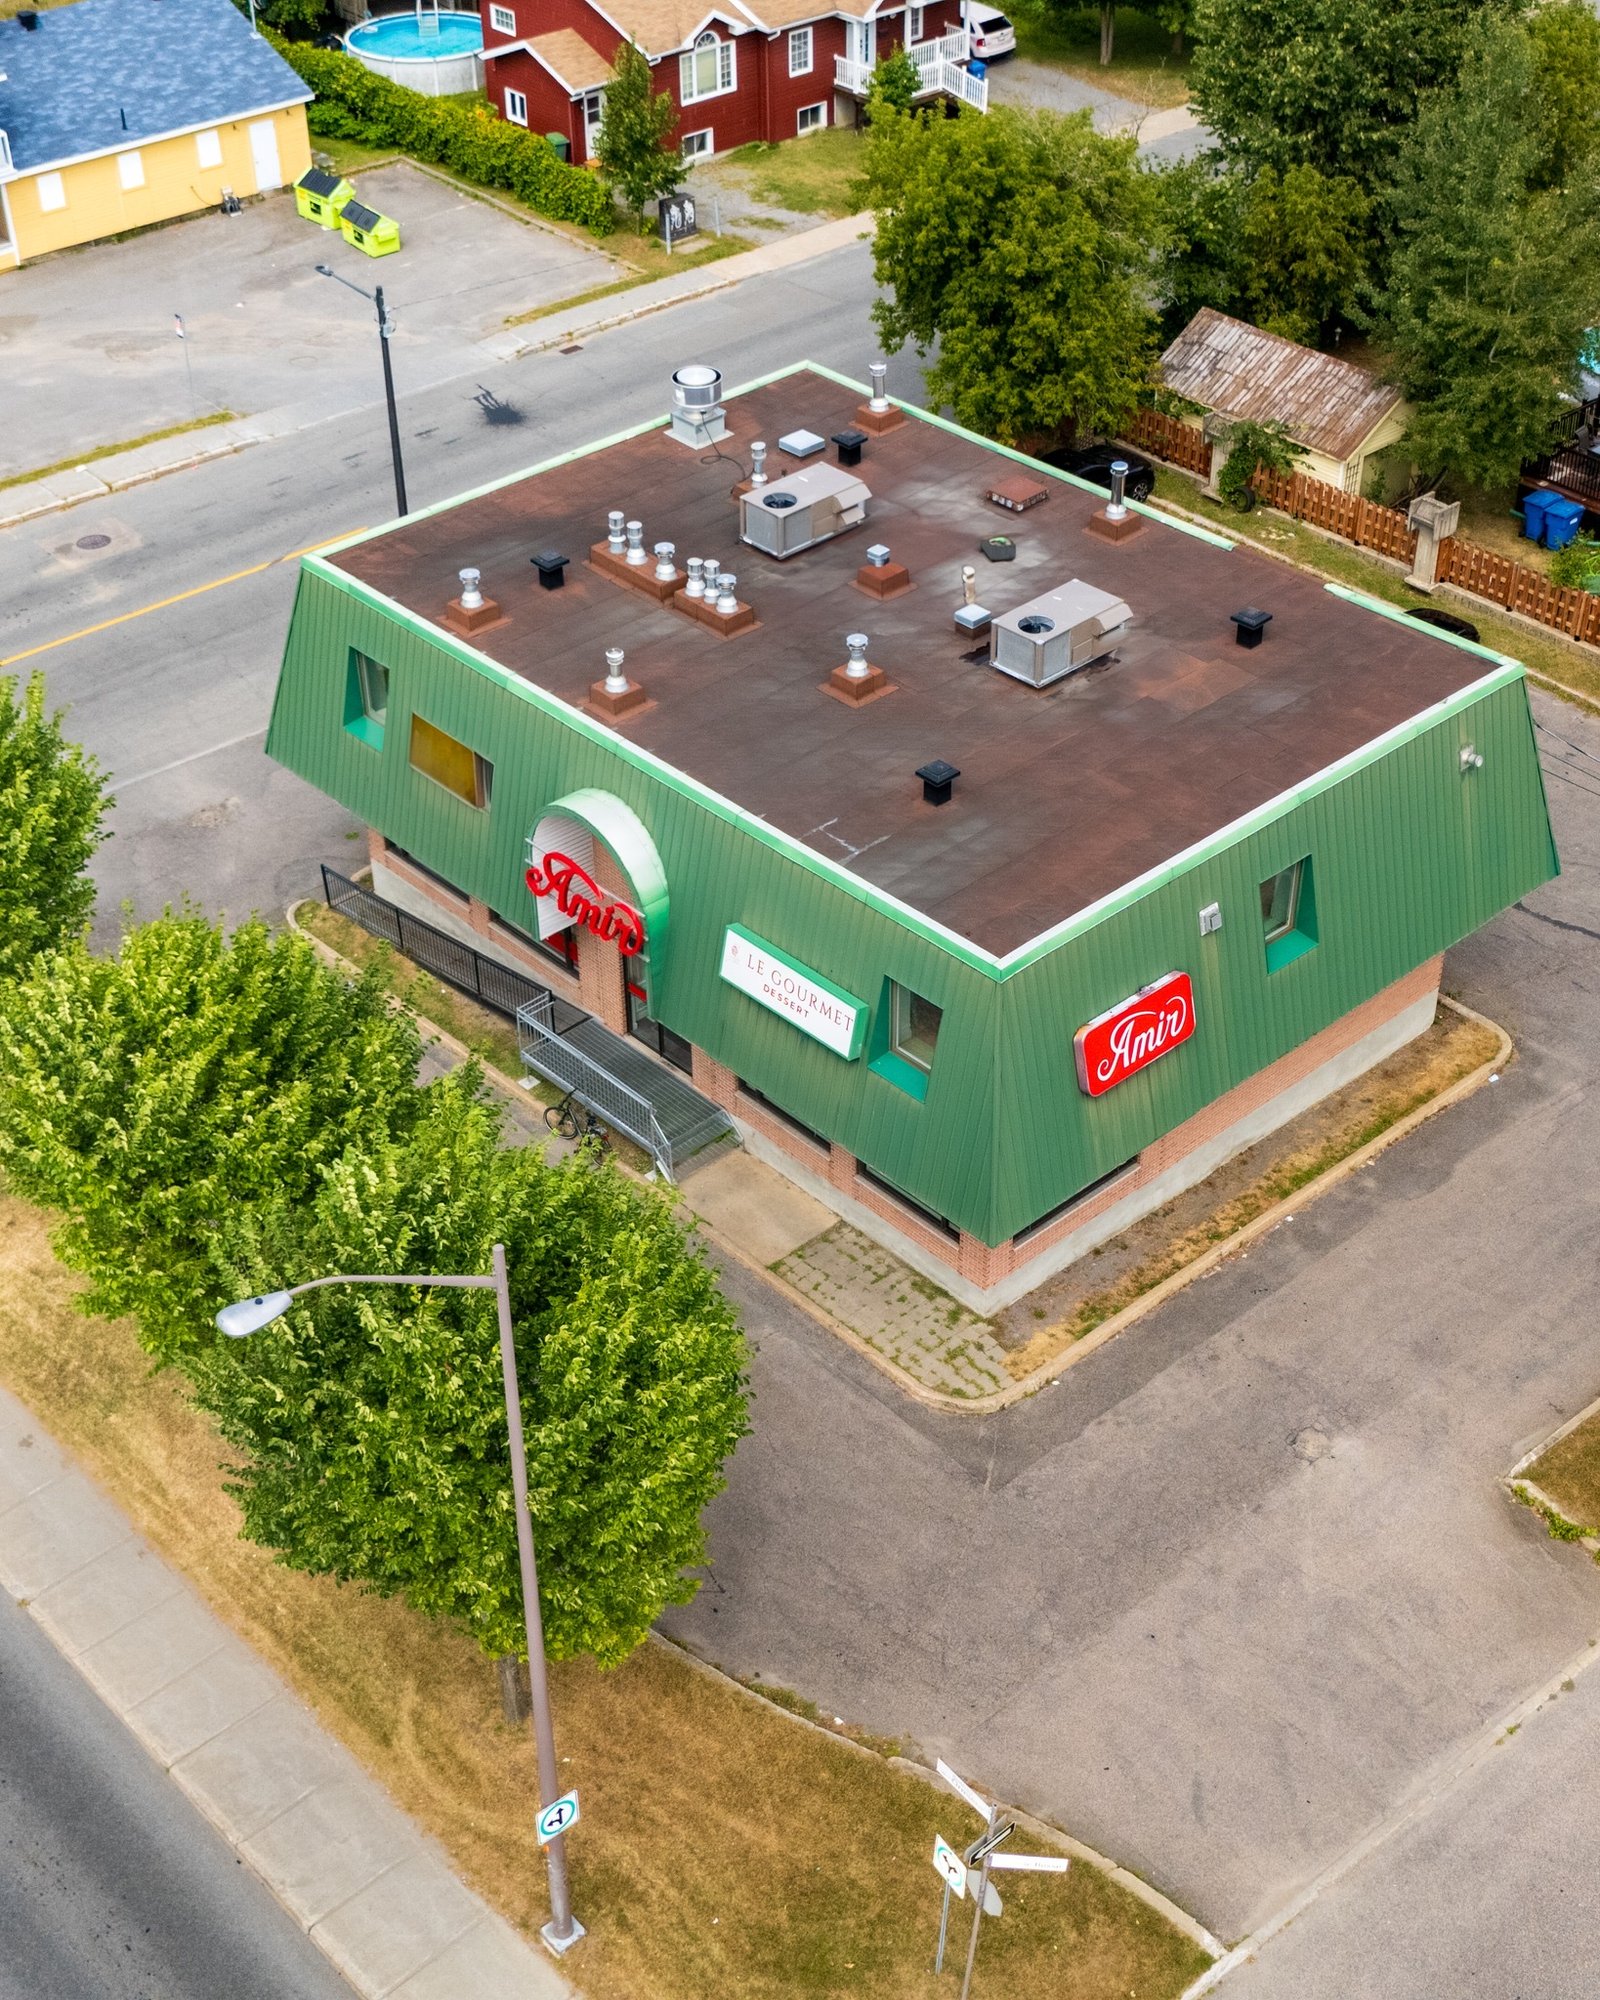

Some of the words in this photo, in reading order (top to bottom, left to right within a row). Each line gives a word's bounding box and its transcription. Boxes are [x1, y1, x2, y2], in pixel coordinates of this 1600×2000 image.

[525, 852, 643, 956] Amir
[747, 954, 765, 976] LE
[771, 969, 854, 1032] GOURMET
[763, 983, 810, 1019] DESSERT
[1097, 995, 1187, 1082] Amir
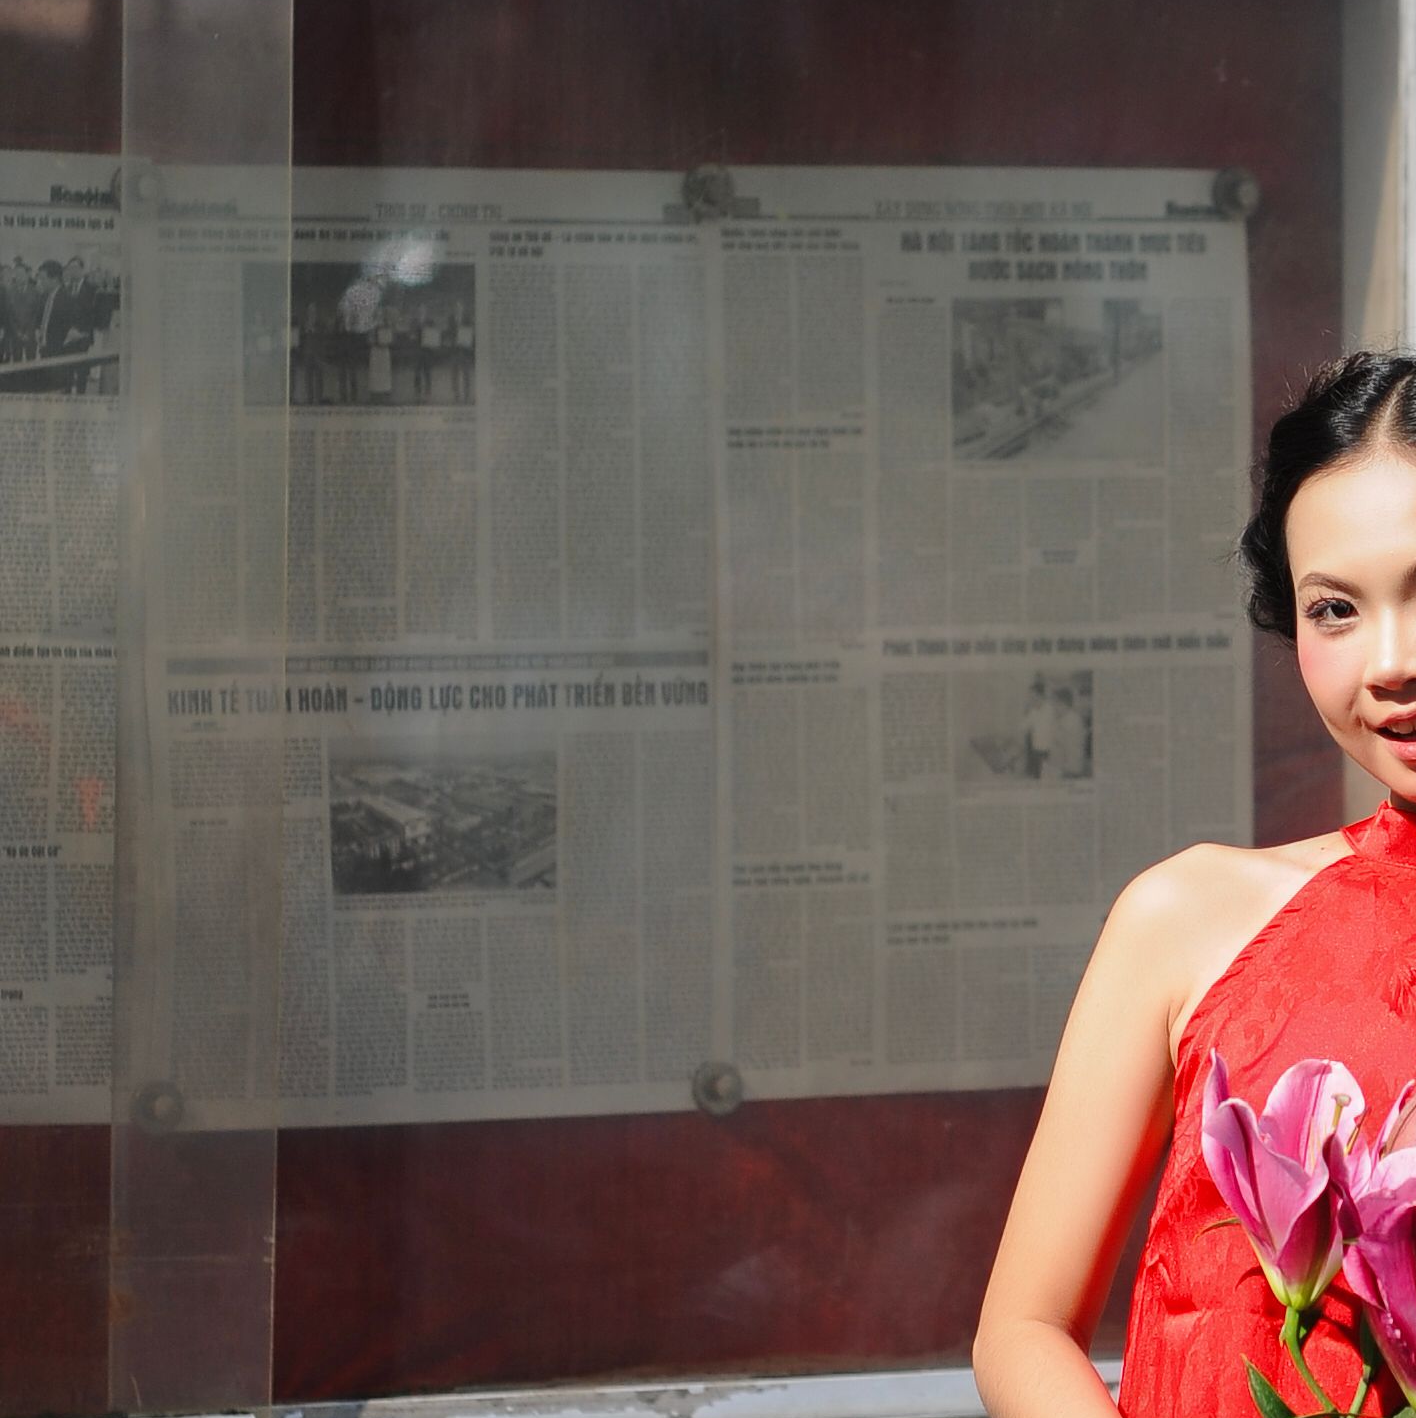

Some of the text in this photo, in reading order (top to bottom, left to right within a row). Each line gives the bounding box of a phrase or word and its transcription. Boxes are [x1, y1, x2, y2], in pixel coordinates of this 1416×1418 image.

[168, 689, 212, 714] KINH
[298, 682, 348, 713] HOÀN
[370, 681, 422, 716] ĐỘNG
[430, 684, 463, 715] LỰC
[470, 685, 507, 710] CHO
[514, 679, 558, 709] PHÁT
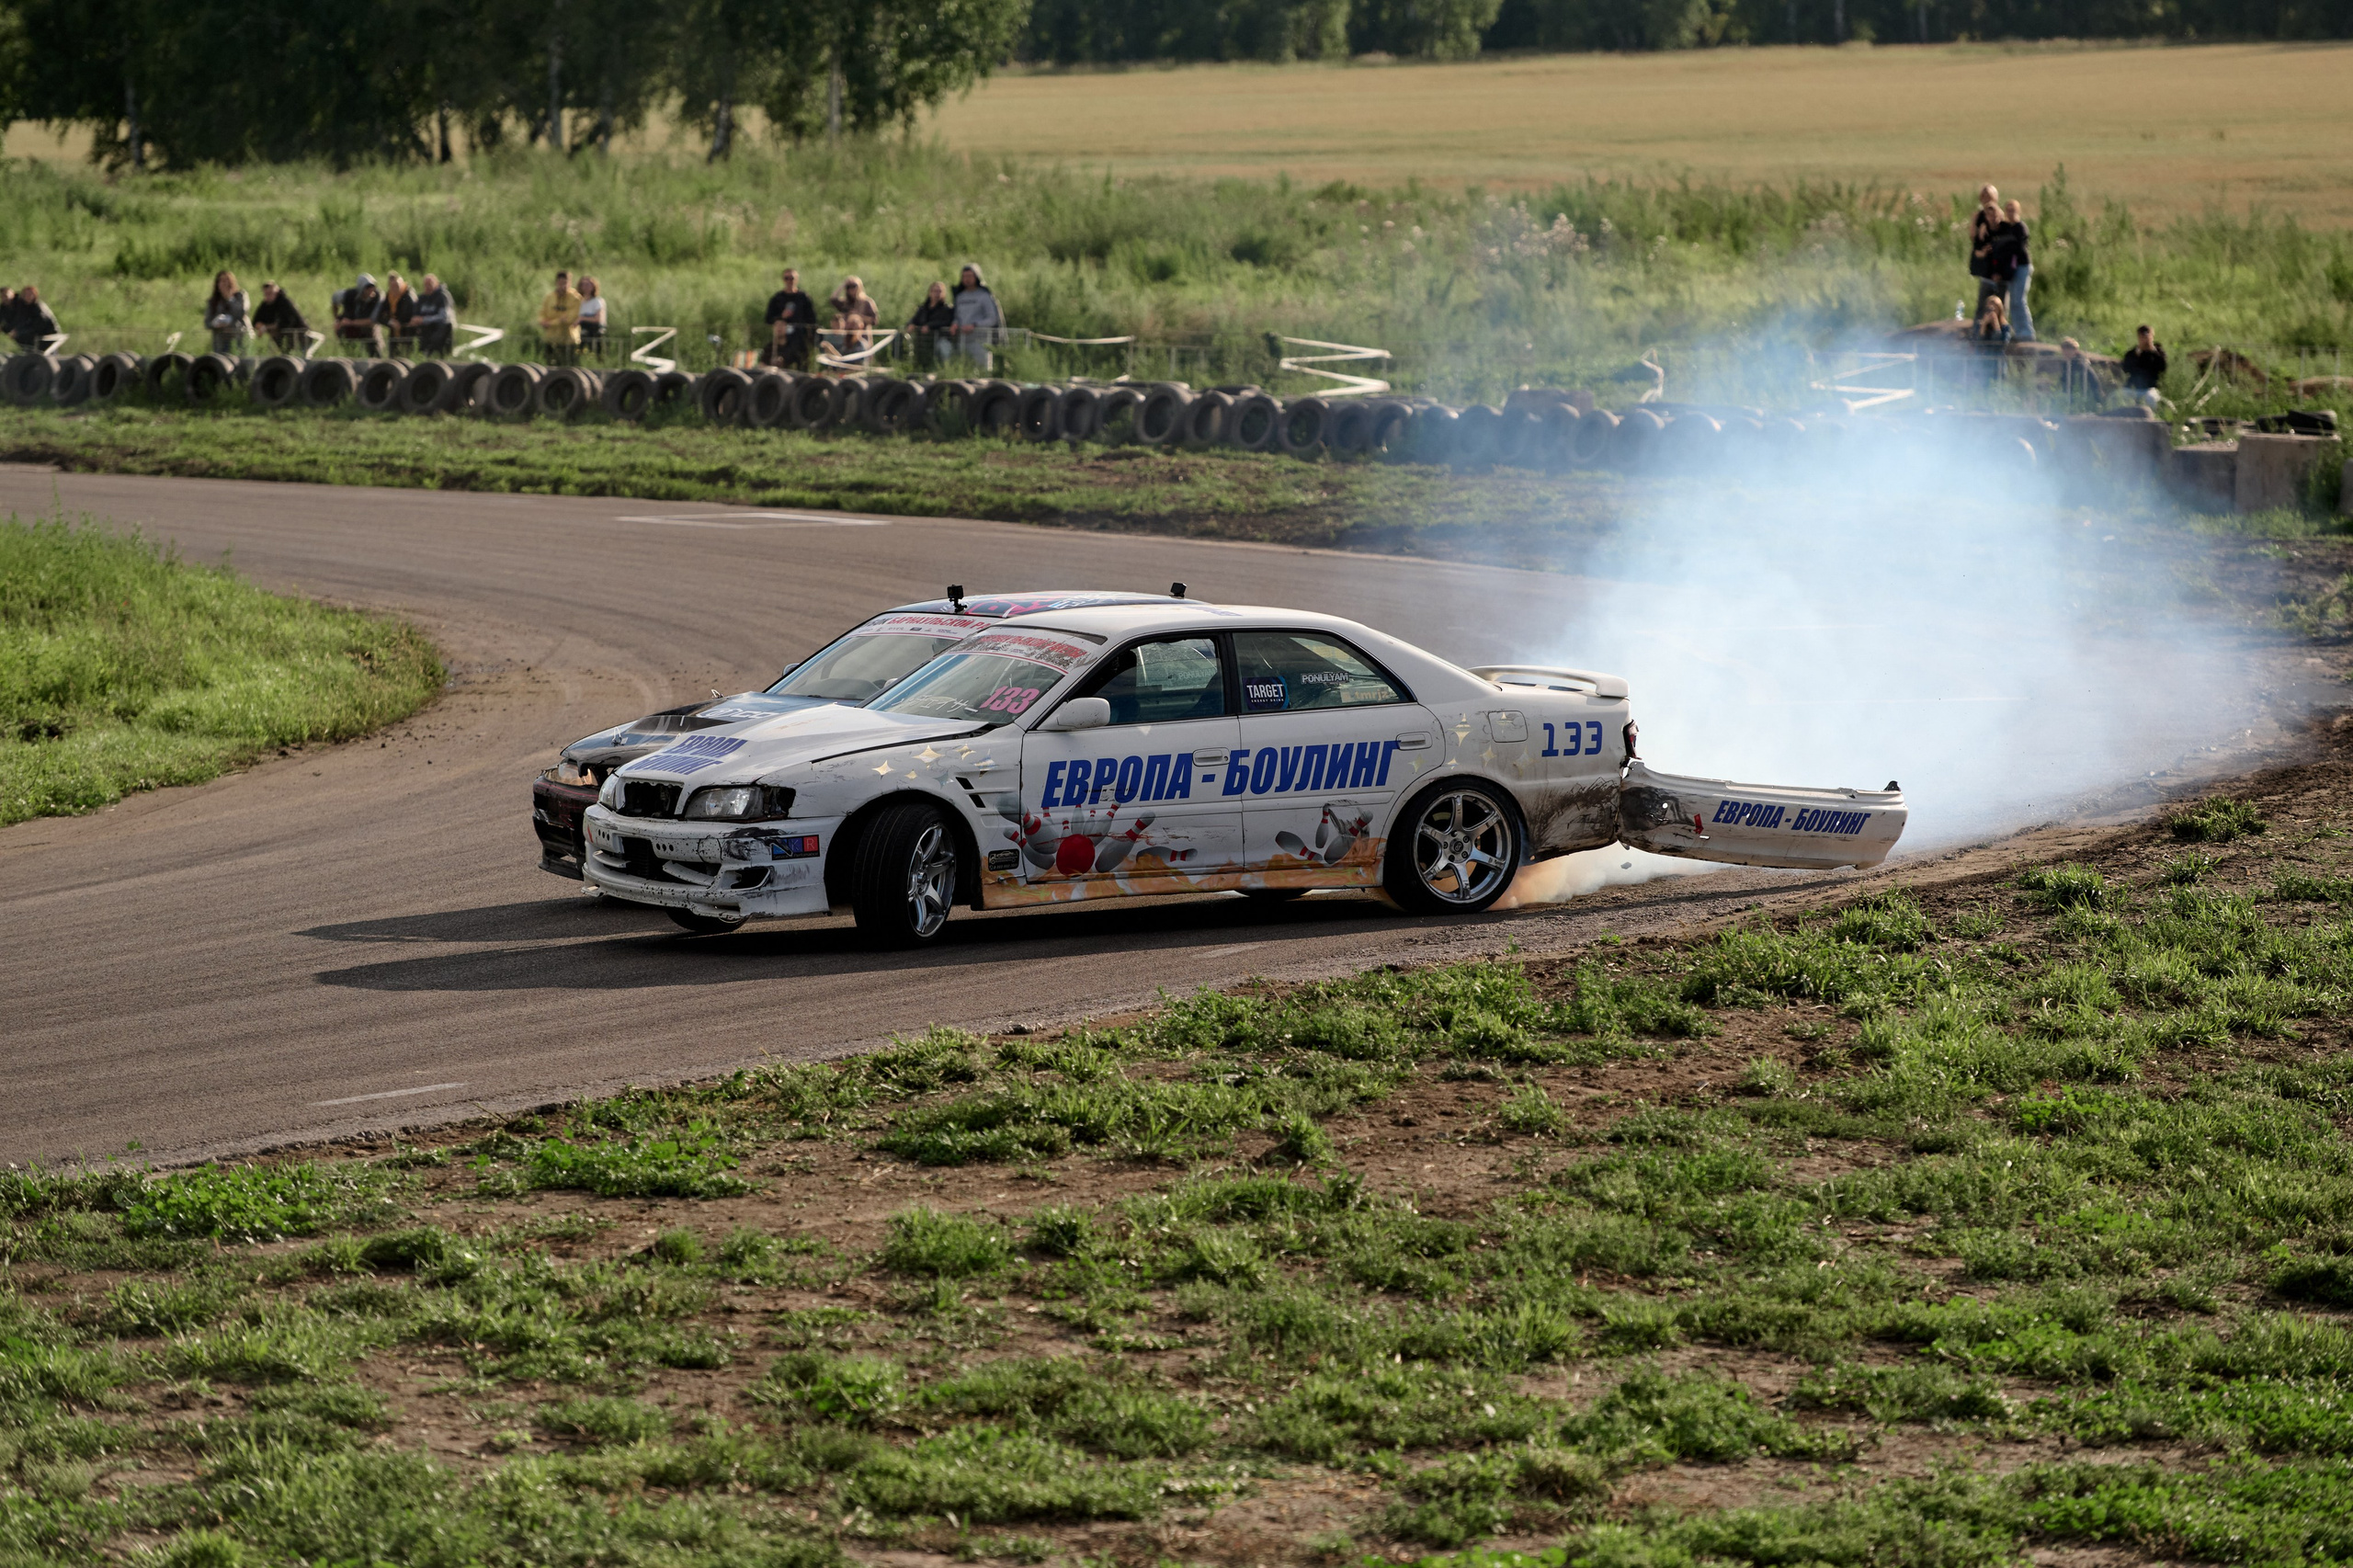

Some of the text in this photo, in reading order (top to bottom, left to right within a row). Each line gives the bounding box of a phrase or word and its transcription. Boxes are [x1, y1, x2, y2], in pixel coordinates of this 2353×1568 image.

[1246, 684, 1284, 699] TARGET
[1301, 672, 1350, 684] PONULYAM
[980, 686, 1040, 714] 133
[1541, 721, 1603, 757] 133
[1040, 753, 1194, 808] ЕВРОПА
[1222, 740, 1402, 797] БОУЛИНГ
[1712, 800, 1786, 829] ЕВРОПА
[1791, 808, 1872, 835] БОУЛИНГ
---
◆ WORK TASK
Write out exactly, please, the lines that start at the one containing "this 1416×1418 image." and run through the final line of the entries, both included, leaving pictures out.

◆ WRITTEN ANSWER
Some of the text in this photo, in reading order (top to bottom, left to right within a row). Each line gives the bounding box of a phrase or word and its transcription. Boxes are [x1, y1, x2, y2], in pixel coordinates of this 1416×1418 image.

[168, 689, 212, 714] KINH
[298, 682, 348, 713] HOÀN
[370, 681, 422, 716] ĐỘNG
[430, 684, 463, 715] LỰC
[470, 685, 507, 710] CHO
[514, 679, 558, 709] PHÁT

Some of the text in this photo, in reading order (top to bottom, left to right within a row). Each line gives the bounding box of a phrase or word and its transcription. Boxes are [x1, y1, x2, y2], in pixel coordinates of this 2353×1568 image.

[1246, 684, 1284, 699] TARGET
[1301, 672, 1350, 684] PONULYAM
[980, 686, 1040, 714] 133
[1541, 721, 1603, 757] 133
[1040, 753, 1194, 808] ЕВРОПА
[1222, 740, 1402, 797] БОУЛИНГ
[1712, 800, 1786, 829] ЕВРОПА
[1791, 808, 1872, 835] БОУЛИНГ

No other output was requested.